Mahkemece, davacı tarafından talep edilen 6.921,76 TL’lik kurum zararının; gelir ile birlikte geçici iş göremezlik ödeneği ve tedavi masrafından oluştuğu gözetilmeden, anılan tutarın, ilk peşin değerli gelir ve SYZ ile sınırlı tutulması, kurum alacak kalemleri içerisinde yer alan geçici iş göremezlik ödeneği ve tedavi masrafı ile sarf ve ödeme tarihlerine hükümde yer verilmemesi isabetsiz olmuştur.
Diğer yandan davacı vekili tarafından, belirsiz alacak davası olarak açıldığı belirtilen davada; ıslah yoluna başvurulmaksızın, bedel arttırımı yolu ile talep edilen miktar yönünden, Mahkemece davanın reddine karar verilerek, kurum aleyhine redde konu tutar yönünden vekalet ücretine hükmedilmesi de hatalı olmuştur.
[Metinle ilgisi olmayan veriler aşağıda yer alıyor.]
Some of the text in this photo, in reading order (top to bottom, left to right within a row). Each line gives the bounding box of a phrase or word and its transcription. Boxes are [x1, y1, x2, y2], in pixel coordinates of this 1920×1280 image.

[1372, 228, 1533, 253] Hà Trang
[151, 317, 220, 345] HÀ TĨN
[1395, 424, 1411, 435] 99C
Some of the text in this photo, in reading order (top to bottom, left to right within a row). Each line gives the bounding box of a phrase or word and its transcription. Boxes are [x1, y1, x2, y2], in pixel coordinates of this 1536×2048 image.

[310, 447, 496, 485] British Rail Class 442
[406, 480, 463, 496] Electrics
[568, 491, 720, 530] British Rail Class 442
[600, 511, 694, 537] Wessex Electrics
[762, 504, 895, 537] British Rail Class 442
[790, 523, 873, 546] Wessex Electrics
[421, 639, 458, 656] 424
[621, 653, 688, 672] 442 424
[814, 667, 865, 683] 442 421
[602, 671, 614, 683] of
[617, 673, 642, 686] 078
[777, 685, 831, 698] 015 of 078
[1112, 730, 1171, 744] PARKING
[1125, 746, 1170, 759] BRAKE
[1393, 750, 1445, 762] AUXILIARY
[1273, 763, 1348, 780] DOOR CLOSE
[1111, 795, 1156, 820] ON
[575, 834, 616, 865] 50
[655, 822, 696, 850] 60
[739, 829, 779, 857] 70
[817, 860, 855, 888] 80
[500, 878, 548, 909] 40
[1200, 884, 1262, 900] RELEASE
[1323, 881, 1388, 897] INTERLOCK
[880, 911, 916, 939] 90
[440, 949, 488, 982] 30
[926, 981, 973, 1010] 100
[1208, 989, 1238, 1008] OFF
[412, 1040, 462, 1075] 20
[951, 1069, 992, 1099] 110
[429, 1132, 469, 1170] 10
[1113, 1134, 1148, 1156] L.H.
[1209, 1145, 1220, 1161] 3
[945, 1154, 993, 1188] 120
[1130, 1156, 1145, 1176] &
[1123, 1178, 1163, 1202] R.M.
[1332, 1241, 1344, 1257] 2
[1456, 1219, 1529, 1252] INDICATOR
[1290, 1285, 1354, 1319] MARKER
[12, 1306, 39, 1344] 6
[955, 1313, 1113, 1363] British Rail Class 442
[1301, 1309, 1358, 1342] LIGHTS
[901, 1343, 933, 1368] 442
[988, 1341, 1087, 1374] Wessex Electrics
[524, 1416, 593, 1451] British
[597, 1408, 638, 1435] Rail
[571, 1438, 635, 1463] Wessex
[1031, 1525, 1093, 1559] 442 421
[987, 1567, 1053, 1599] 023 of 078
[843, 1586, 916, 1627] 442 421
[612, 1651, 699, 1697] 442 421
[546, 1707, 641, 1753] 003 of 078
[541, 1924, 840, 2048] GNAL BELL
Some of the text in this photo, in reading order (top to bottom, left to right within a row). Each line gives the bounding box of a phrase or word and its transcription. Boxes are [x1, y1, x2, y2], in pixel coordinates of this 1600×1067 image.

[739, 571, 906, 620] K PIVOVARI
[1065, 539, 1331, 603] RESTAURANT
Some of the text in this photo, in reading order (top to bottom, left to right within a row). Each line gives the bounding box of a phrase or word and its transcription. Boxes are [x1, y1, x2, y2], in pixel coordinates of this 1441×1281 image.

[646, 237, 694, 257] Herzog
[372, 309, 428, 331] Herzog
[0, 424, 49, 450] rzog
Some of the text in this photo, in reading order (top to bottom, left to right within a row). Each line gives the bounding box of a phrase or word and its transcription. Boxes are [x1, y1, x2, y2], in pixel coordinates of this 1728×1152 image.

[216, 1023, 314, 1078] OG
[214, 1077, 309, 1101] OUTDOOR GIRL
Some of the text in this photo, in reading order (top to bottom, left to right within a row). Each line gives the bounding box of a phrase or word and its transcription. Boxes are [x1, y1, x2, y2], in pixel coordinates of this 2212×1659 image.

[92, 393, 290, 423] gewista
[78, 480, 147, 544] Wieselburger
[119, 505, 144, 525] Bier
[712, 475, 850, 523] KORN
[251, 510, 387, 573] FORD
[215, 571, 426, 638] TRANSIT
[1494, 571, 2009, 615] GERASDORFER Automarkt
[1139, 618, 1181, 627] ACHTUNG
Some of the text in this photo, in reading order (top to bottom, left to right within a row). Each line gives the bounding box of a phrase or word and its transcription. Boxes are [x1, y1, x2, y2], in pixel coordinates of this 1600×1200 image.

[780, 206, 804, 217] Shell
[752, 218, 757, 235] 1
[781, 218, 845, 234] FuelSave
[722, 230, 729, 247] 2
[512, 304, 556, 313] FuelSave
Ne var ki, bu konuların düzeltilmesi yeniden yargılama yapılmasını gerektirmediğinden hüküm bozulmamalı, 01.10.2011 tarihinde yürürlüğe giren 6100 sayılı Hukuk Muhakemeleri Kanunu’nun geçici 3. maddesi yollamasıyla 1086 sayılı Hukuk Usulü Muhakemeleri Kanununun 438. maddesi gereğince düzeltilerek onanmalıdır.
SONUÇ:
Hükmün 1. fıkrasına silinerek yerine “Davanın kabulü ile, 6.921,76 TL’nin onay, ödeme ve sarf tarihlerinden itibaren işleyecek yasal faiziyle birlikte davalıdan tahsili ile davacı Kuruma ödenmesine,”cümlesinin yazılmasına,
Hükmün 4. fıkrasının silinmesine,
Hükmün 5. fıkrasının silinerek yerine “davacı Kurum tarafından dosyaya yapılan bilirkişi ücreti 2.100,00 TL, posta masrafı 147,25 TL olmak üzere toplam 2.247,25 TL yargılama giderinin davalıdan tahsili ile davacı kuruma ödenmesine” cümlesinin yazılmasına,
Hükmün 6. fıkrasının silinerek yerine “Davalının yapmış olduğu masrafların kendi üzerinde bırakılmasına,” cümlesinin yazılmasına ve hükmün bu şekliyle DÜZELTİLEREK ONANMASINA, aşağıda yazılı temyiz harcının davalıdan alınmasına, 15.10.2018 günü oybirliği ile karar verildi.

…….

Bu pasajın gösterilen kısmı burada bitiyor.